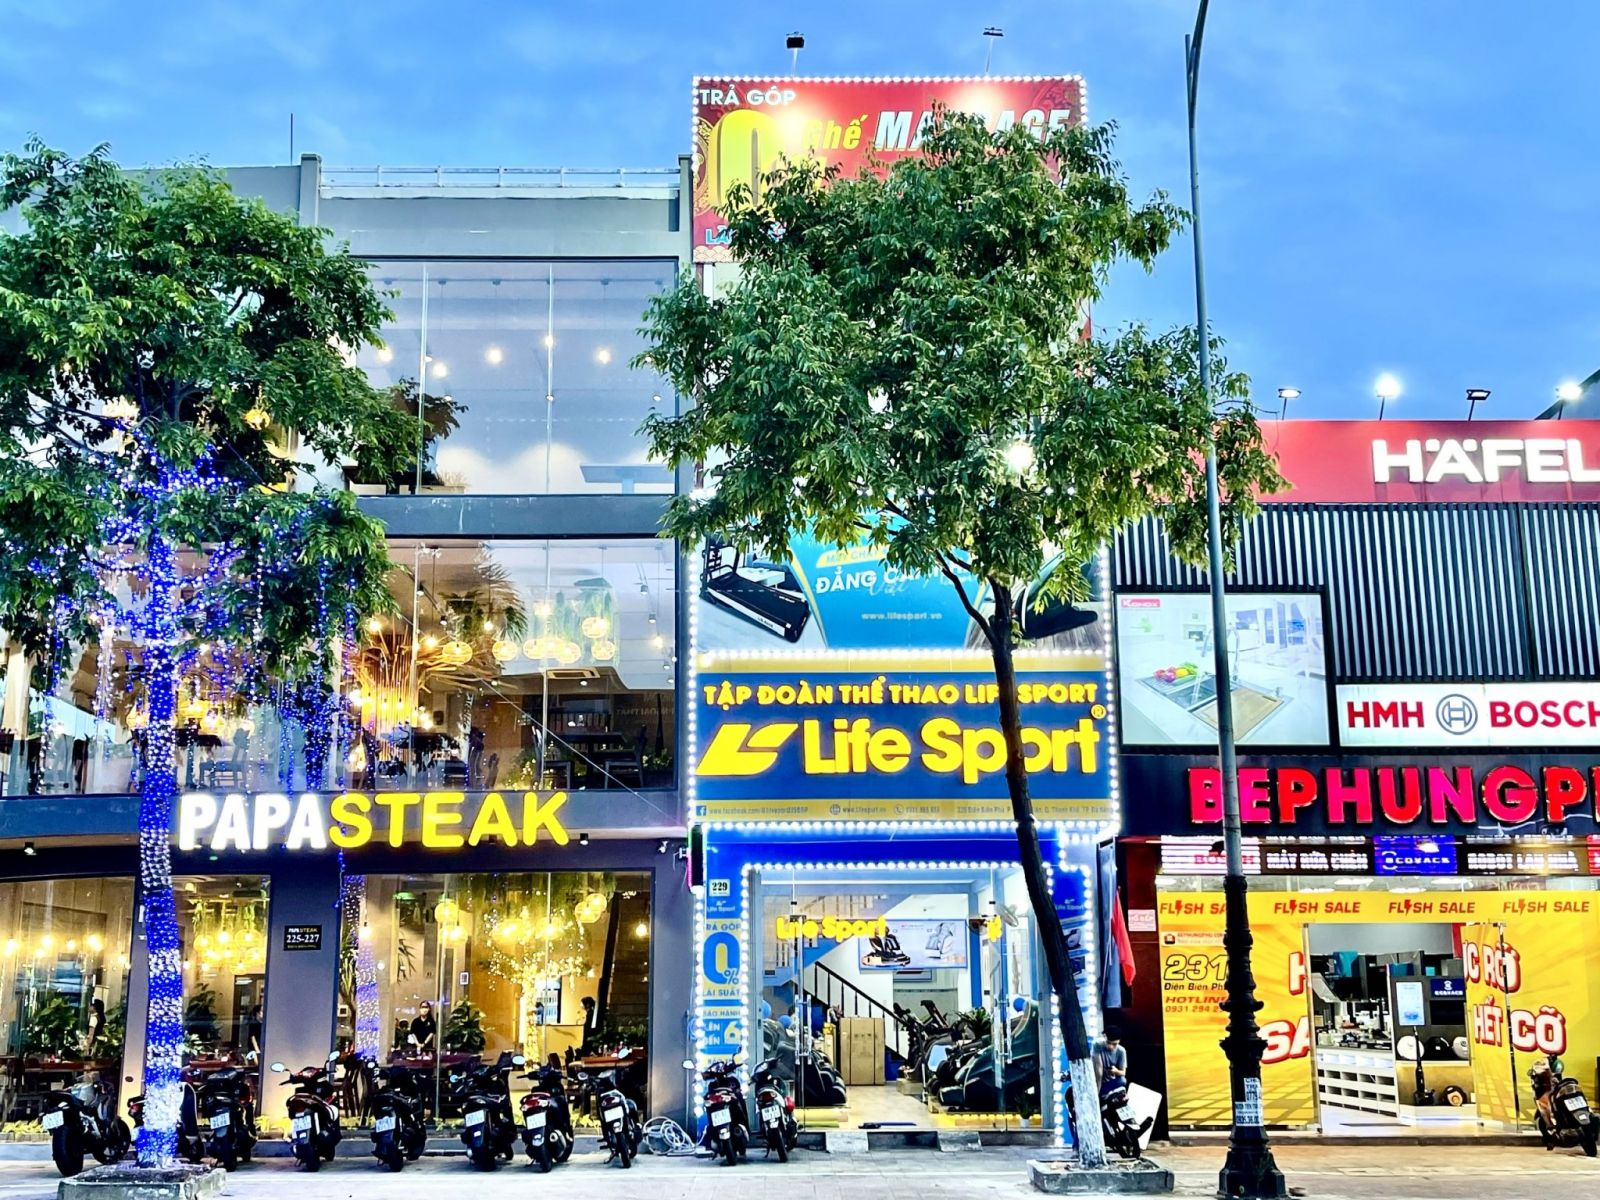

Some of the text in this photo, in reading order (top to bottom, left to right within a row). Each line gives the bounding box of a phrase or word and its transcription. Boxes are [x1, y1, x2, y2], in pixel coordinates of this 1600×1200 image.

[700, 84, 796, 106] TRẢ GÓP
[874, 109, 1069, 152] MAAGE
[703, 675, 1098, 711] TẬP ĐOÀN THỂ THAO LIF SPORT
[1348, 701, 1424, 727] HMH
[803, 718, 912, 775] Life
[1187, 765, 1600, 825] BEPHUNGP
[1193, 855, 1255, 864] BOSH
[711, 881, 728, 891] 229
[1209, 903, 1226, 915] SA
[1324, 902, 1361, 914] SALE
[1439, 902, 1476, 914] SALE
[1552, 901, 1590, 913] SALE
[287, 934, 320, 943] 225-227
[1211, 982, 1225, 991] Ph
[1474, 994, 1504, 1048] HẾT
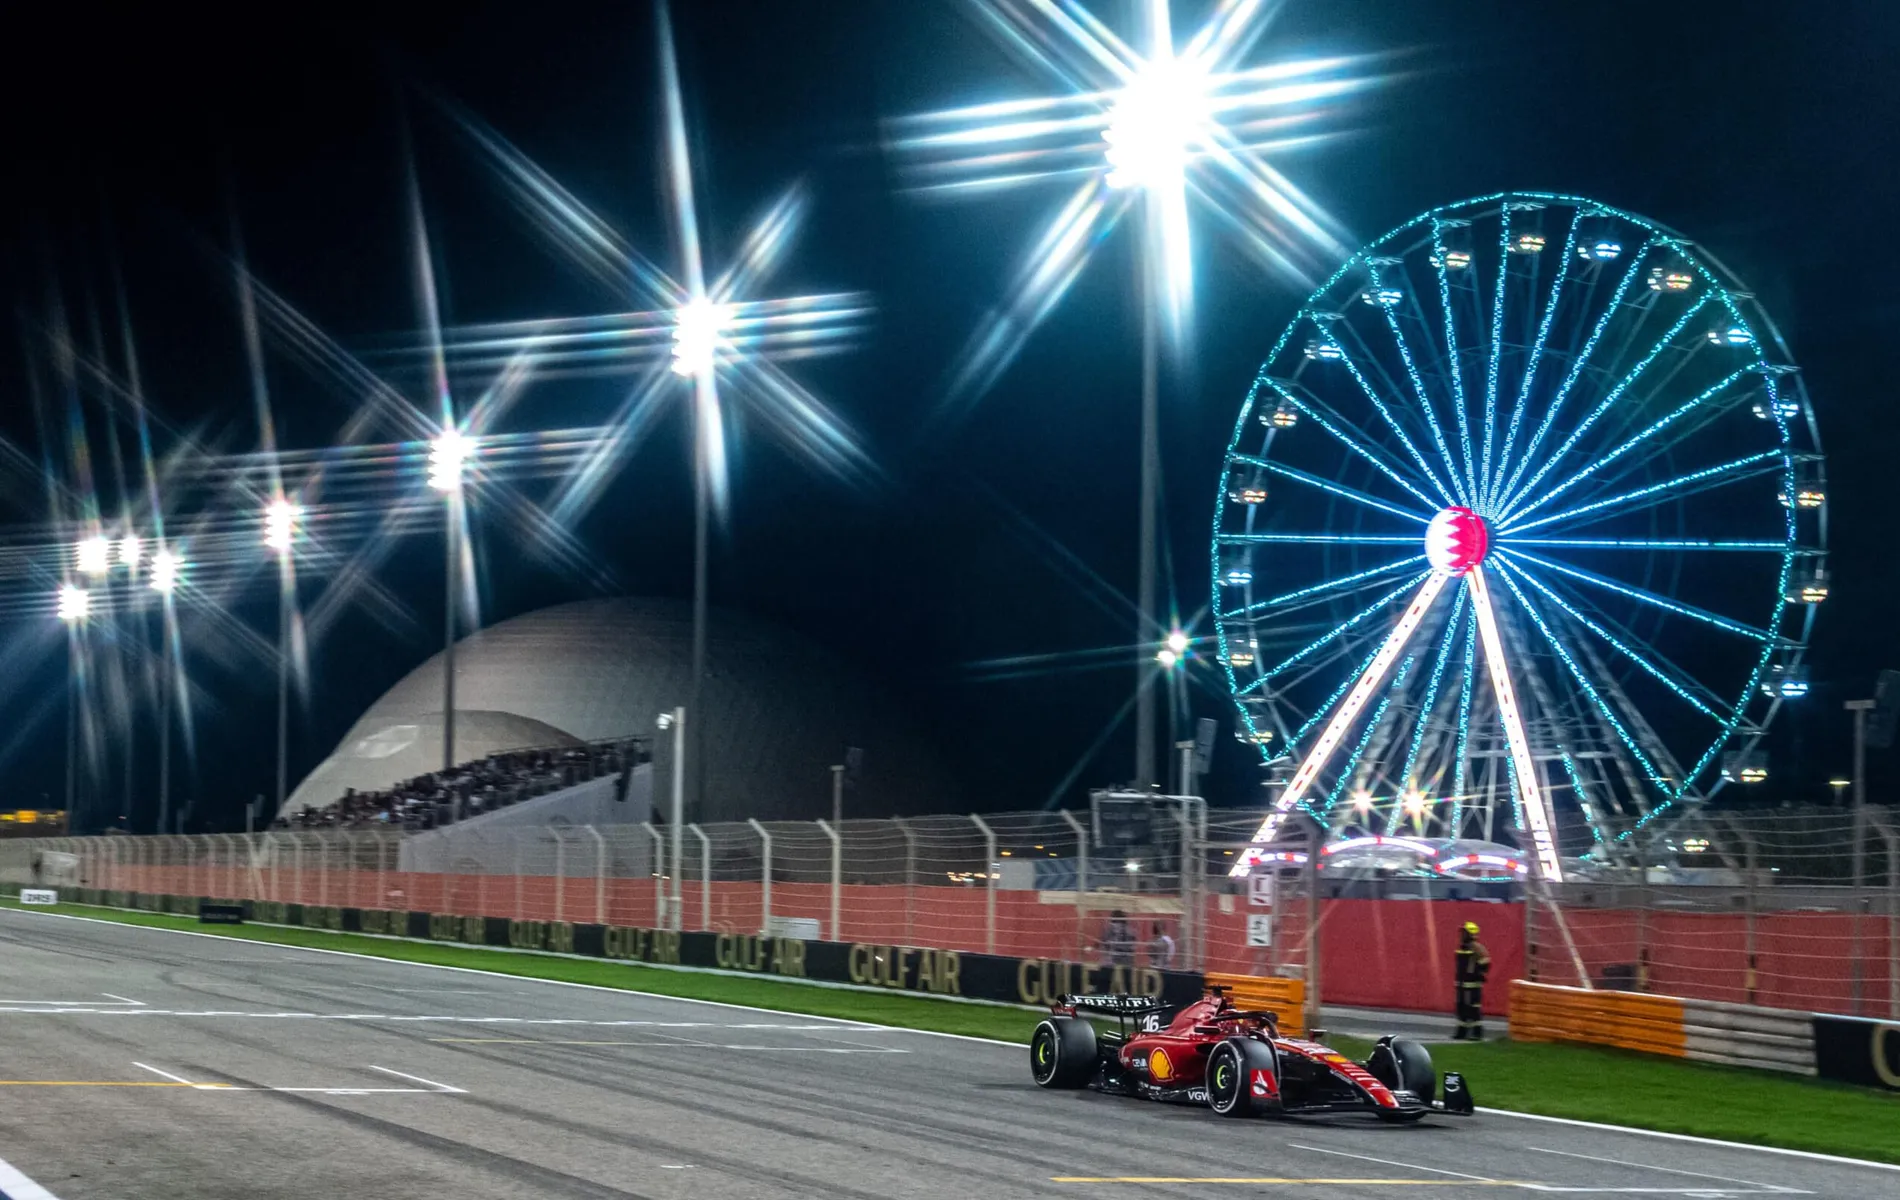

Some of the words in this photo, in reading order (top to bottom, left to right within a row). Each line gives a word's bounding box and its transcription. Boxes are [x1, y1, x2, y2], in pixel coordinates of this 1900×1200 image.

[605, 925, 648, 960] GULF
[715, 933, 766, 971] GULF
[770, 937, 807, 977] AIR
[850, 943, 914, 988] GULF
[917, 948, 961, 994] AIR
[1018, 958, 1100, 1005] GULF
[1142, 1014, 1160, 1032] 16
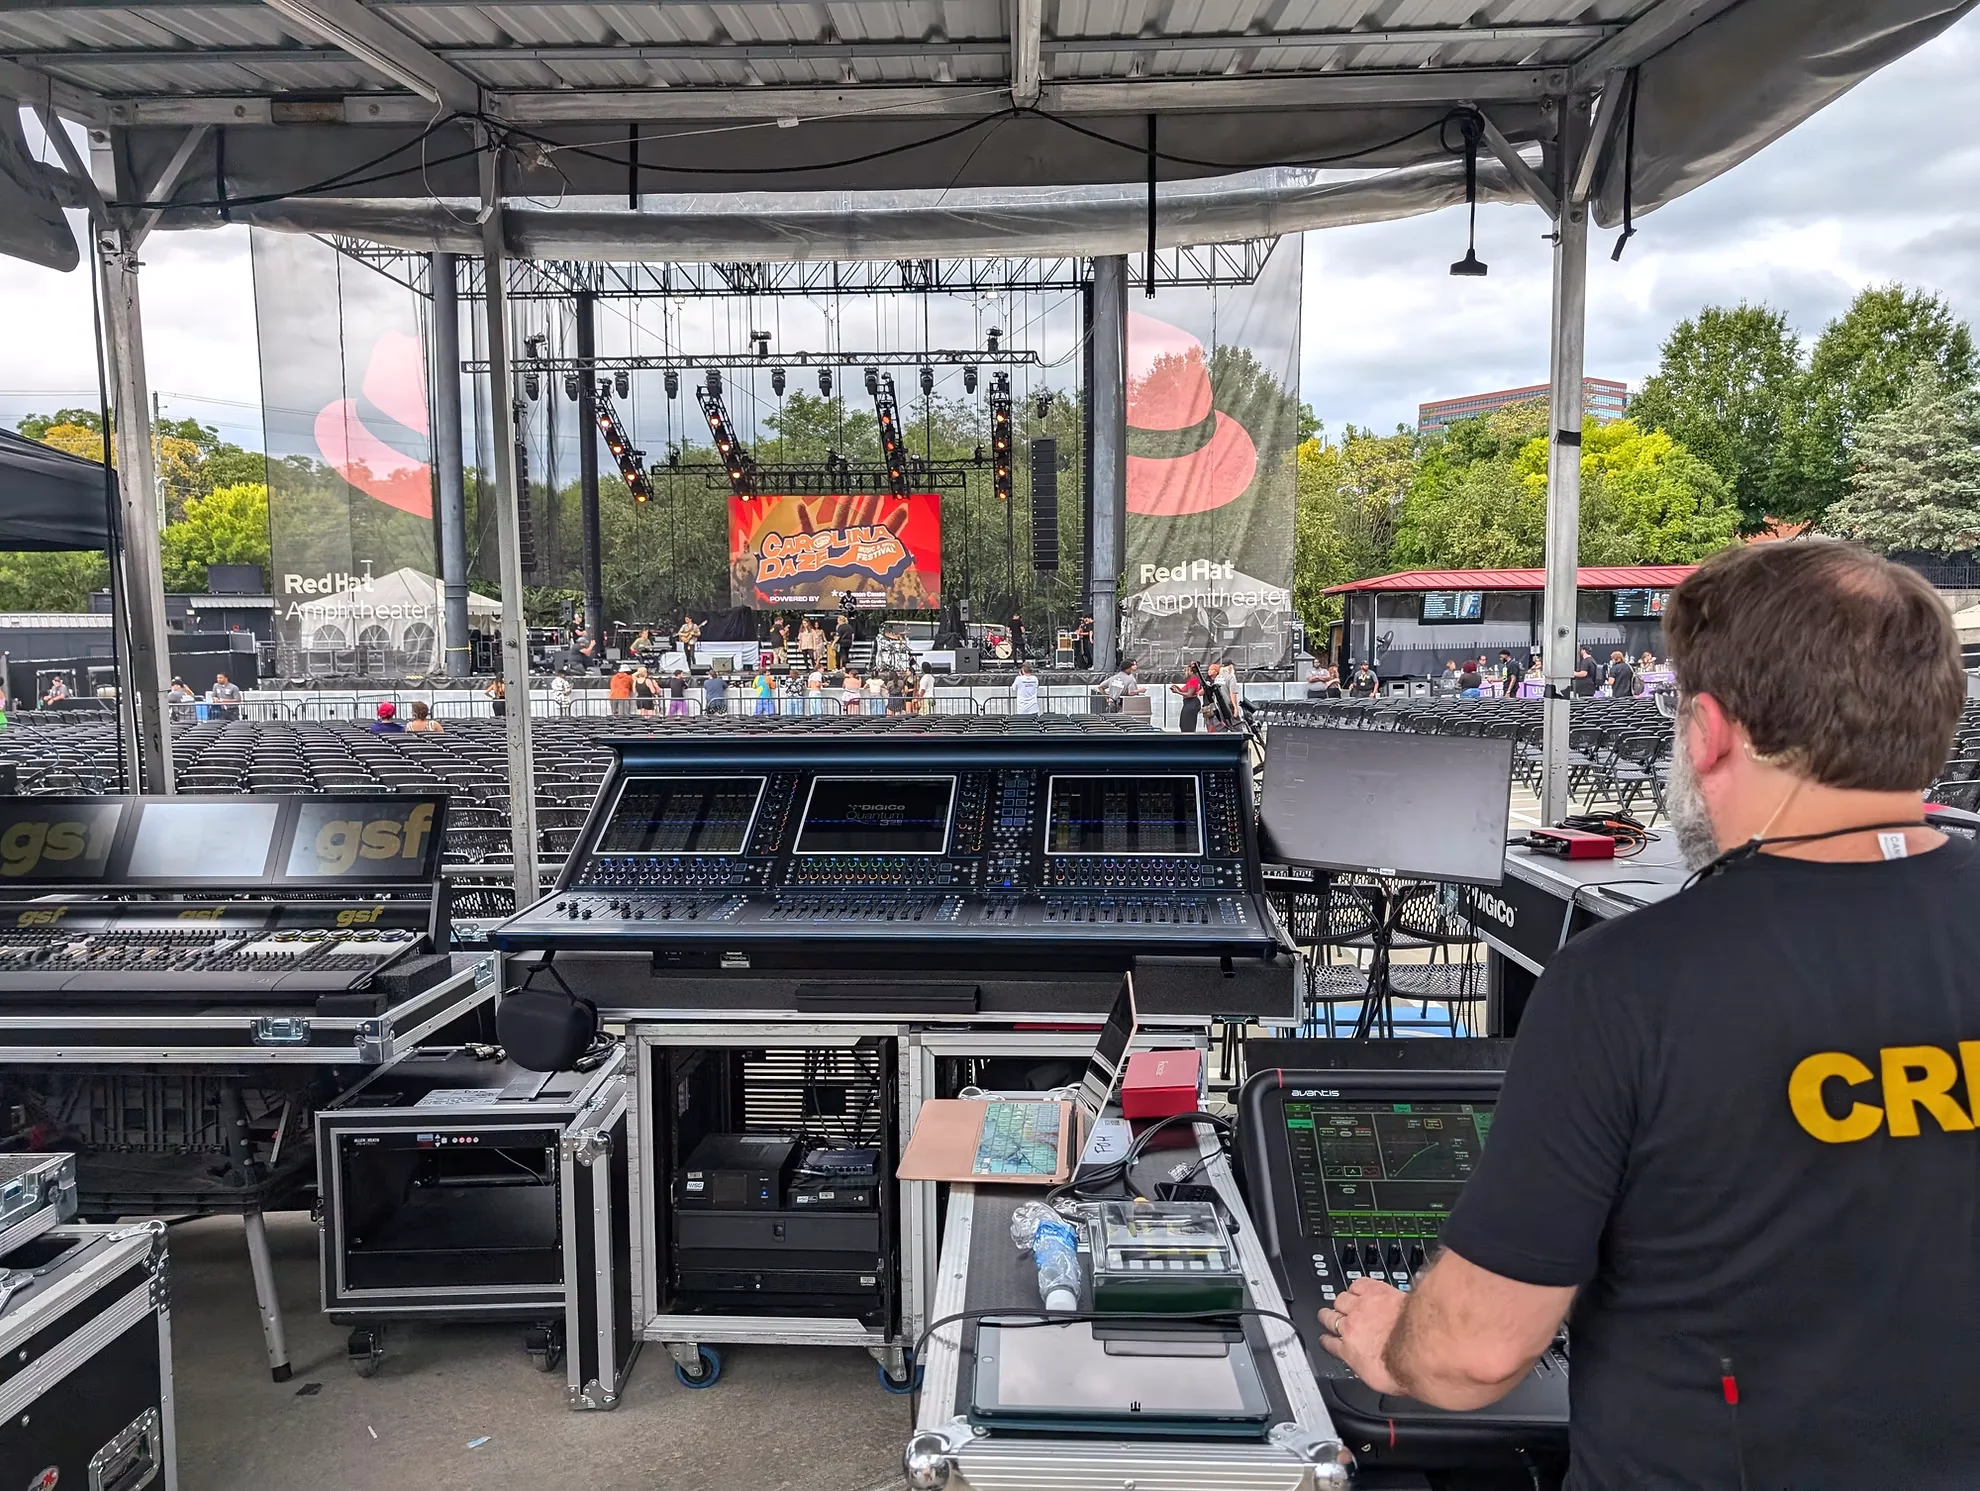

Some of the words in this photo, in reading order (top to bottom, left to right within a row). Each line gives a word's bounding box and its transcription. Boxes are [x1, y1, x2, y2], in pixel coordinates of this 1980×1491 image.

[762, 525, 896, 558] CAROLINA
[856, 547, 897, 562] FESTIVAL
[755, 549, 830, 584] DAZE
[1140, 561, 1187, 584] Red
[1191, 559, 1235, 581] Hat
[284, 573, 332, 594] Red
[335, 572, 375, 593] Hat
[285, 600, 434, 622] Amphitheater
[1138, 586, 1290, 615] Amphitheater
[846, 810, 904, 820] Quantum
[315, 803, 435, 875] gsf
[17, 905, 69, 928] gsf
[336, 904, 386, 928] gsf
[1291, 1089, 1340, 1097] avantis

---*---

An exact reproduction of the data above is required, with every picture removed.

Some of the text in this photo, in reading order (top to bottom, left to right within a row). Each line gives the bounding box of a phrase or word and its transcription. Boxes are [x1, y1, x2, y2], in pixel coordinates of this 1600×1200 image.

[700, 84, 796, 106] TRẢ GÓP
[874, 109, 1069, 152] MAAGE
[703, 675, 1098, 711] TẬP ĐOÀN THỂ THAO LIF SPORT
[1348, 701, 1424, 727] HMH
[803, 718, 912, 775] Life
[1187, 765, 1600, 825] BEPHUNGP
[1193, 855, 1255, 864] BOSH
[711, 881, 728, 891] 229
[1209, 903, 1226, 915] SA
[1324, 902, 1361, 914] SALE
[1439, 902, 1476, 914] SALE
[1552, 901, 1590, 913] SALE
[287, 934, 320, 943] 225-227
[1211, 982, 1225, 991] Ph
[1474, 994, 1504, 1048] HẾT

Some of the words in this photo, in reading order (top to bottom, left to right within a row). Each line gives a word's bounding box and its transcription. Boxes are [x1, y1, x2, y2], in pixel coordinates of this 1900×1200 image.

[605, 925, 648, 960] GULF
[715, 933, 766, 971] GULF
[770, 937, 807, 977] AIR
[850, 943, 914, 988] GULF
[917, 948, 961, 994] AIR
[1018, 958, 1100, 1005] GULF
[1142, 1014, 1160, 1032] 16

Some of the words in this photo, in reading order (top to bottom, left to right within a row). Each line gives a word's bounding box and its transcription. Boxes are [x1, y1, x2, y2], in pixel coordinates of this 1980×1491 image.

[762, 525, 896, 558] CAROLINA
[856, 547, 897, 562] FESTIVAL
[755, 549, 830, 584] DAZE
[1140, 561, 1187, 584] Red
[1191, 559, 1235, 581] Hat
[284, 573, 332, 594] Red
[335, 572, 375, 593] Hat
[285, 600, 434, 622] Amphitheater
[1138, 586, 1290, 615] Amphitheater
[846, 810, 904, 820] Quantum
[315, 803, 435, 875] gsf
[17, 905, 69, 928] gsf
[336, 904, 386, 928] gsf
[1291, 1089, 1340, 1097] avantis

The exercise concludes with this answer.